The reply should contain every entry exactly as given, with no pictures in it.

· · · ·

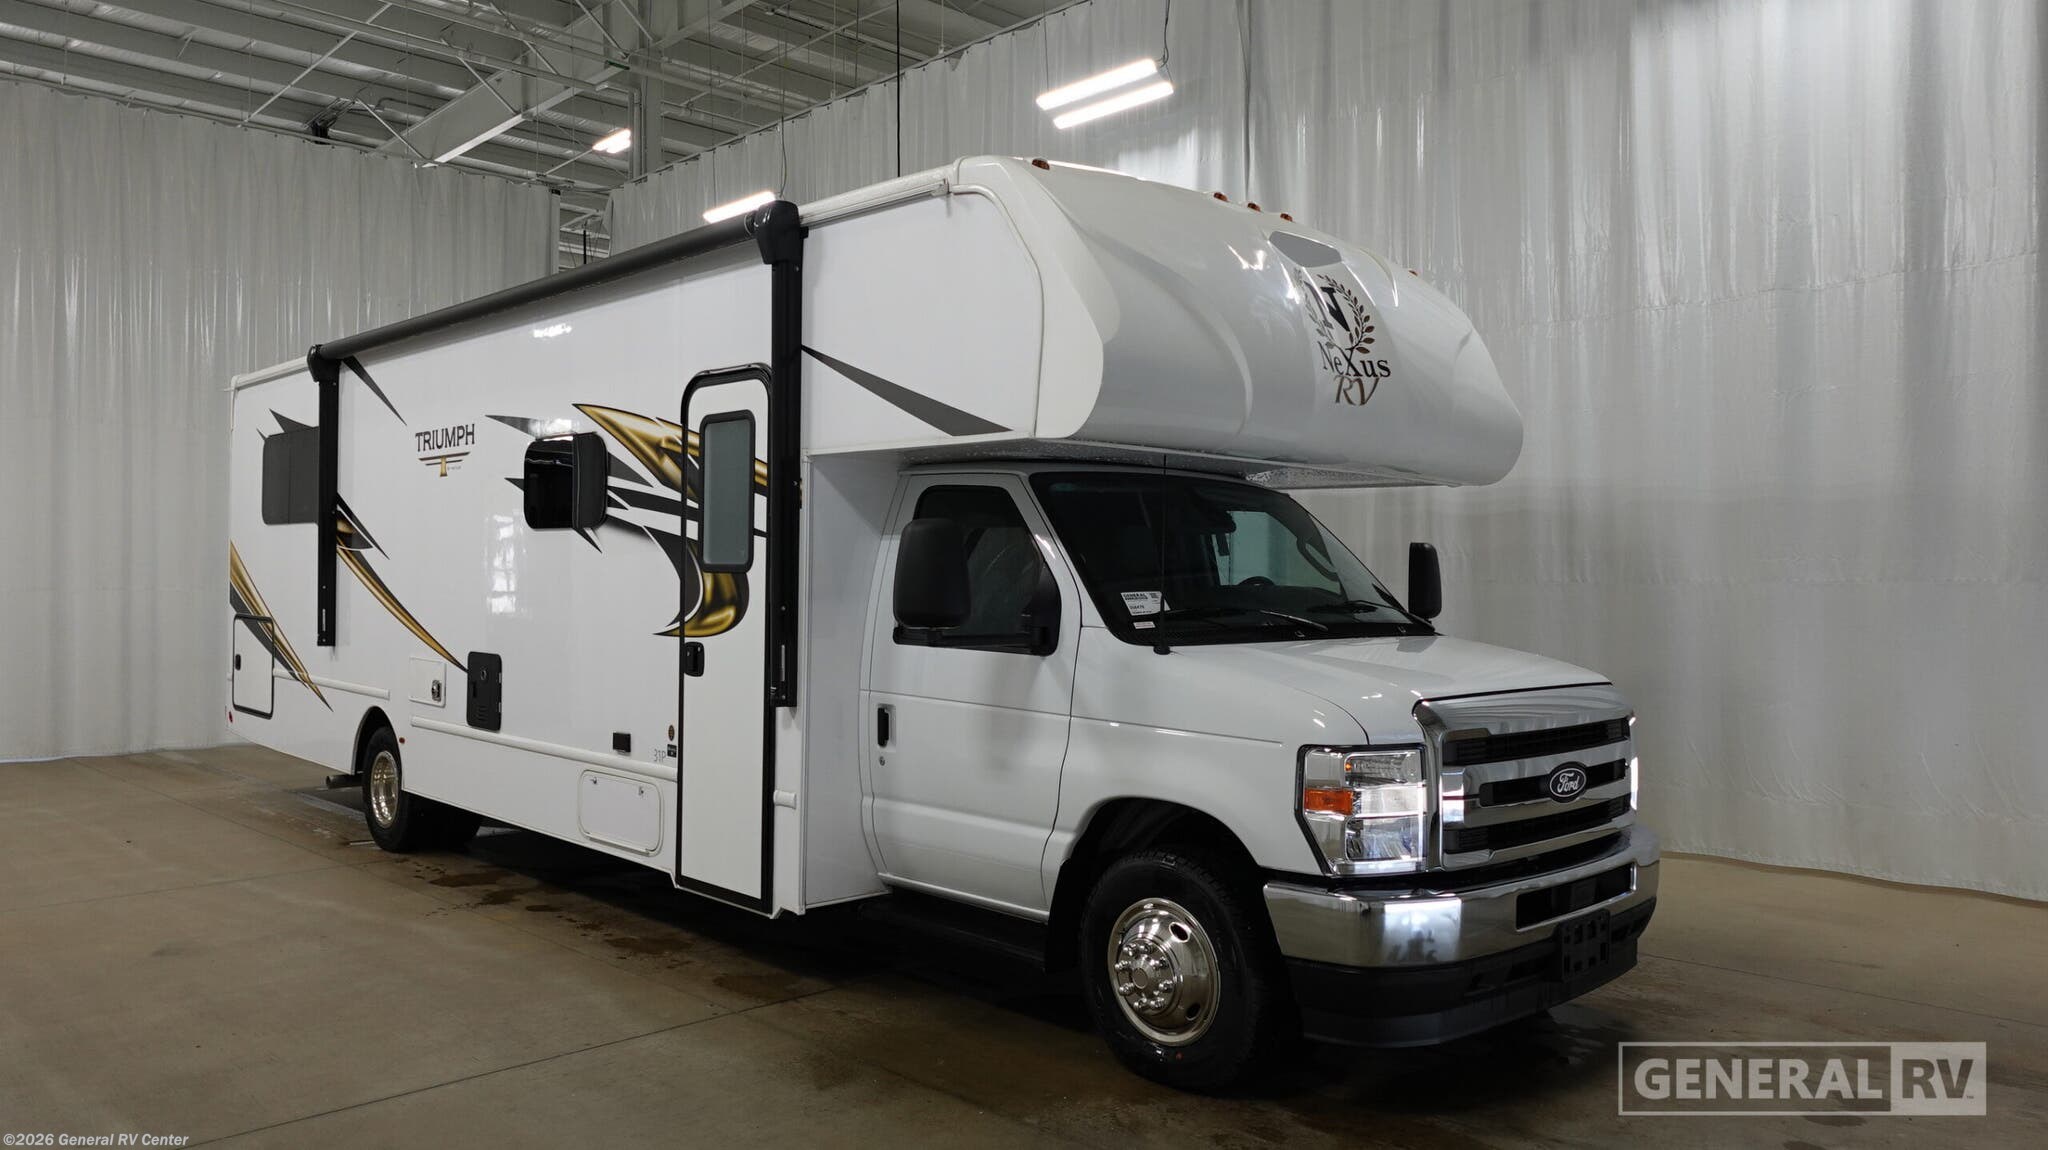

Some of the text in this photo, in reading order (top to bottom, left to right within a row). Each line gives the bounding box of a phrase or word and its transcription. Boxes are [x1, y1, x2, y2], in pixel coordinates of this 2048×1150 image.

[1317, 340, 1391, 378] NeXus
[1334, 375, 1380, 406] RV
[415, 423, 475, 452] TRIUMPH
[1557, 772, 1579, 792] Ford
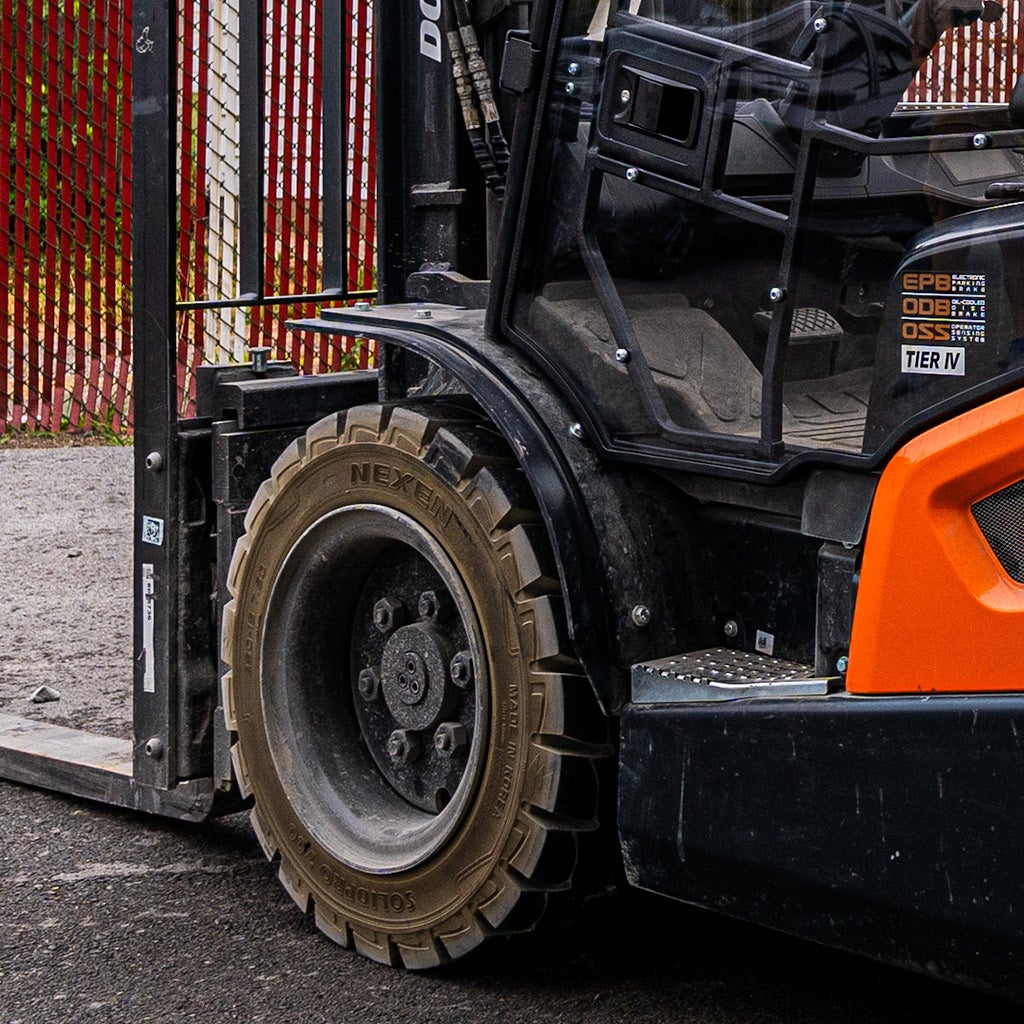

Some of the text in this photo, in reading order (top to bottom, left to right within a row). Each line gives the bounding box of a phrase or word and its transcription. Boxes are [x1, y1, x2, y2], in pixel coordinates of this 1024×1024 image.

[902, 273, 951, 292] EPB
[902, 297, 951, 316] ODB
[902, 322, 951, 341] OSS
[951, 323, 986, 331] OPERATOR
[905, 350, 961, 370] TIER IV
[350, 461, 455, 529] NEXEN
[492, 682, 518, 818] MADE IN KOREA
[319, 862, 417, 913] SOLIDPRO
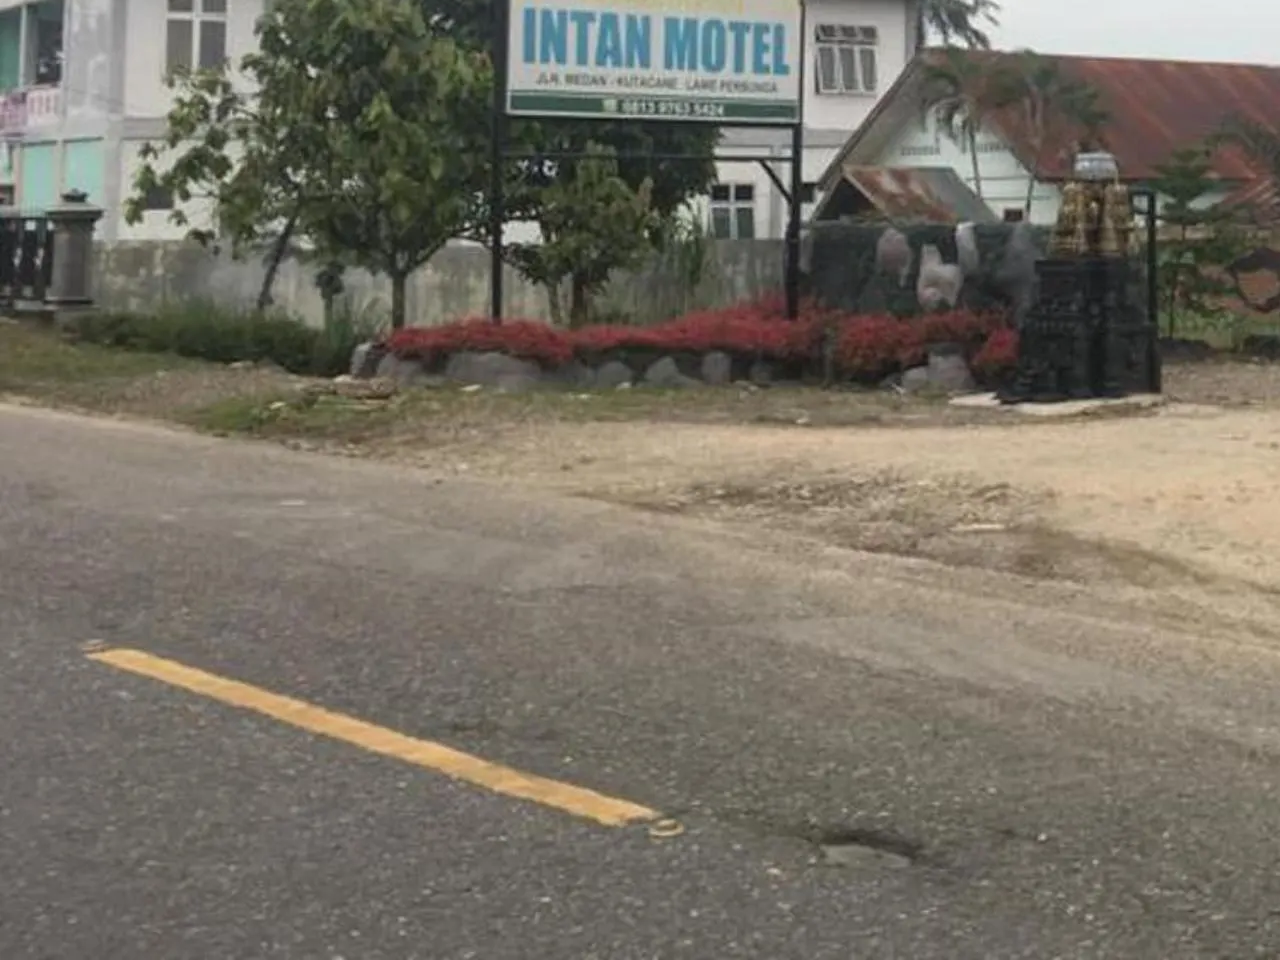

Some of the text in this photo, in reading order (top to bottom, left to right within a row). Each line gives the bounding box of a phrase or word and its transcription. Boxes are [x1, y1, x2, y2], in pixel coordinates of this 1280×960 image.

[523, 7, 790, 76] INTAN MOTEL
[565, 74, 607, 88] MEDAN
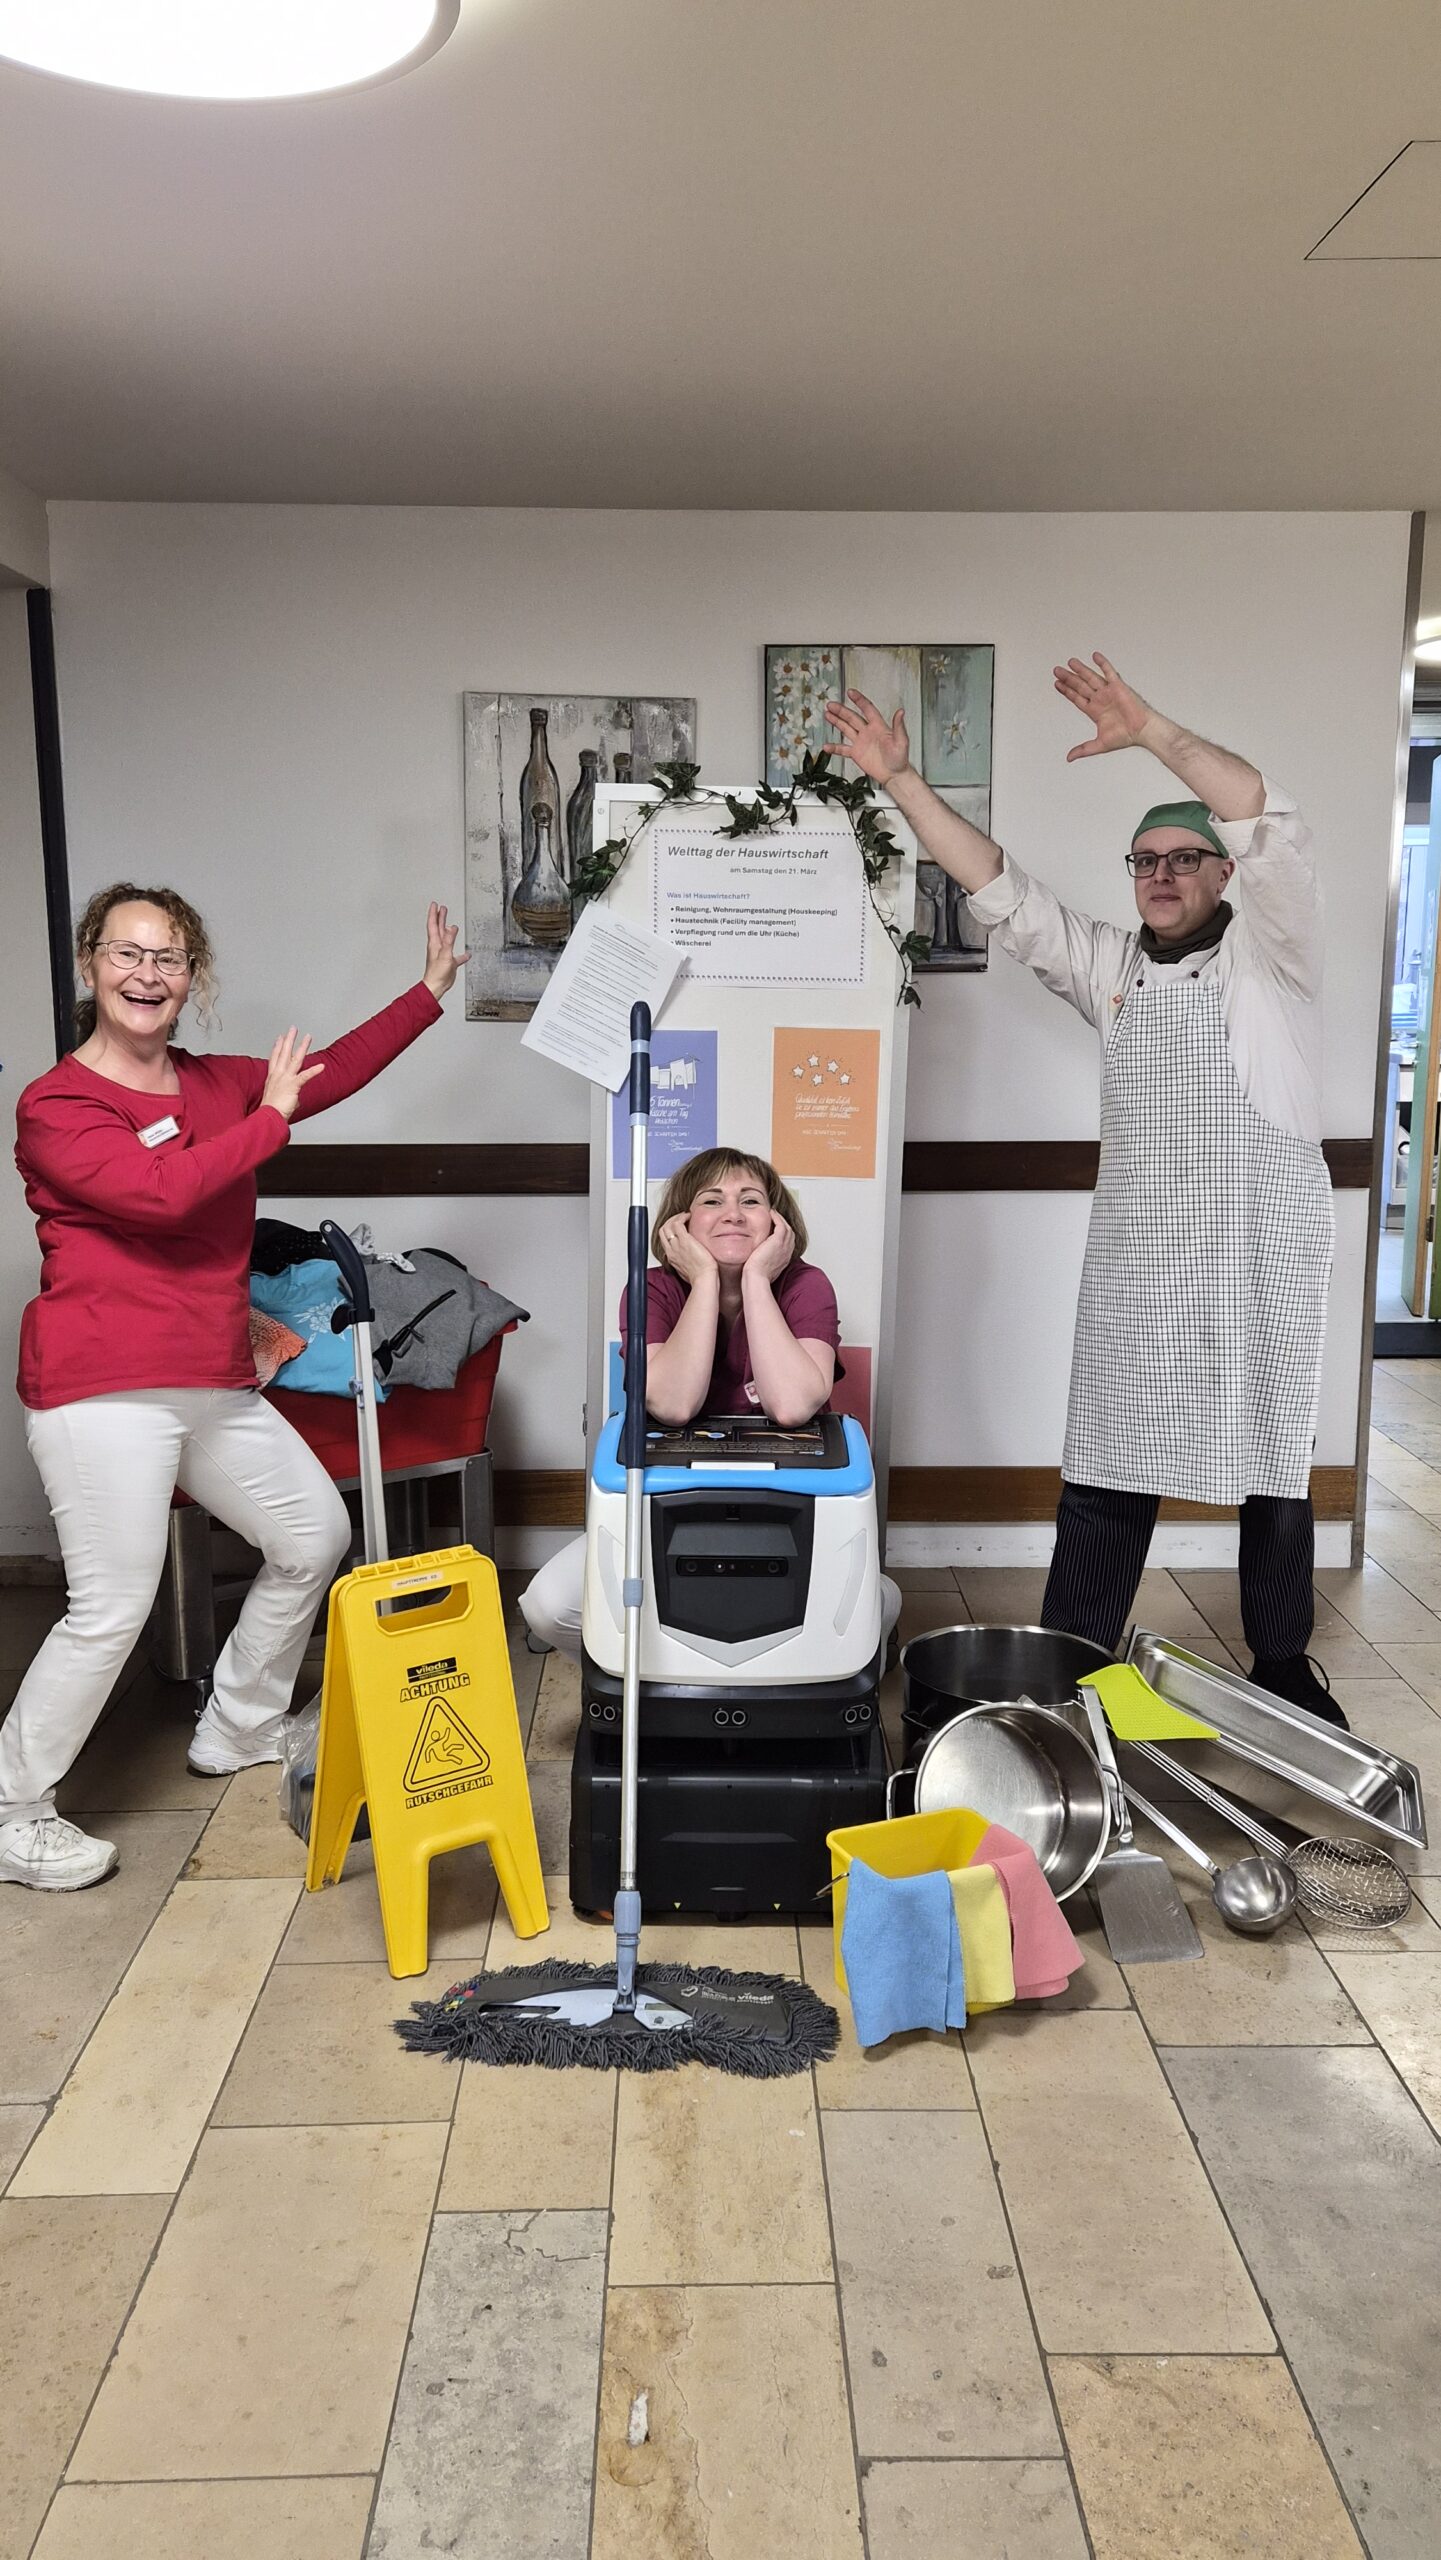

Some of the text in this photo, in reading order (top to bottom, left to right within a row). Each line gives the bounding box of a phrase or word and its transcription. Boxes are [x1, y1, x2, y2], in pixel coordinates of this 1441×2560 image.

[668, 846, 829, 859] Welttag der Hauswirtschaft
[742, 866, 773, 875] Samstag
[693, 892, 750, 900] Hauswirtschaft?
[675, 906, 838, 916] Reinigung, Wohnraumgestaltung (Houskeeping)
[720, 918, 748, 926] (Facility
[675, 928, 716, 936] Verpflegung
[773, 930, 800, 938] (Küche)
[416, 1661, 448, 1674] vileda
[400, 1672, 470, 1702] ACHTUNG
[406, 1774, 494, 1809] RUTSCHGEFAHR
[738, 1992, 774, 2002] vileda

· · · ·

» **Problem solution**
Some of the text in this photo, in reading order (top to bottom, left to right within a row). Each line gives the bounding box of a phrase or word and its transcription. Boxes are [x1, y1, x2, y2], in pixel coordinates of this 2048×1150 image.

[1317, 340, 1391, 378] NeXus
[1334, 375, 1380, 406] RV
[415, 423, 475, 452] TRIUMPH
[1557, 772, 1579, 792] Ford

Some of the text in this photo, in reading order (top to bottom, left to right within a row). Each line gives the bounding box of a phrase or word and its transcription. Boxes are [x1, y1, x2, y2], in pixel coordinates of this 1024×1024 image.

[902, 273, 951, 292] EPB
[902, 297, 951, 316] ODB
[902, 322, 951, 341] OSS
[951, 323, 986, 331] OPERATOR
[905, 350, 961, 370] TIER IV
[350, 461, 455, 529] NEXEN
[492, 682, 518, 818] MADE IN KOREA
[319, 862, 417, 913] SOLIDPRO

Some of the text in this photo, in reading order (top to bottom, left to right within a row). Each line gives the bounding box of a phrase or word and its transcription. Boxes are [x1, y1, x2, y2], in pixel coordinates of this 1280×960 image.

[523, 7, 790, 76] INTAN MOTEL
[565, 74, 607, 88] MEDAN

Some of the text in this photo, in reading order (top to bottom, left to right within a row). Each line gives the bounding box of a phrase or word and its transcription. Boxes are [x1, y1, x2, y2], in pixel coordinates of this 1441×2560 image.

[668, 846, 829, 859] Welttag der Hauswirtschaft
[742, 866, 773, 875] Samstag
[693, 892, 750, 900] Hauswirtschaft?
[675, 906, 838, 916] Reinigung, Wohnraumgestaltung (Houskeeping)
[720, 918, 748, 926] (Facility
[675, 928, 716, 936] Verpflegung
[773, 930, 800, 938] (Küche)
[416, 1661, 448, 1674] vileda
[400, 1672, 470, 1702] ACHTUNG
[406, 1774, 494, 1809] RUTSCHGEFAHR
[738, 1992, 774, 2002] vileda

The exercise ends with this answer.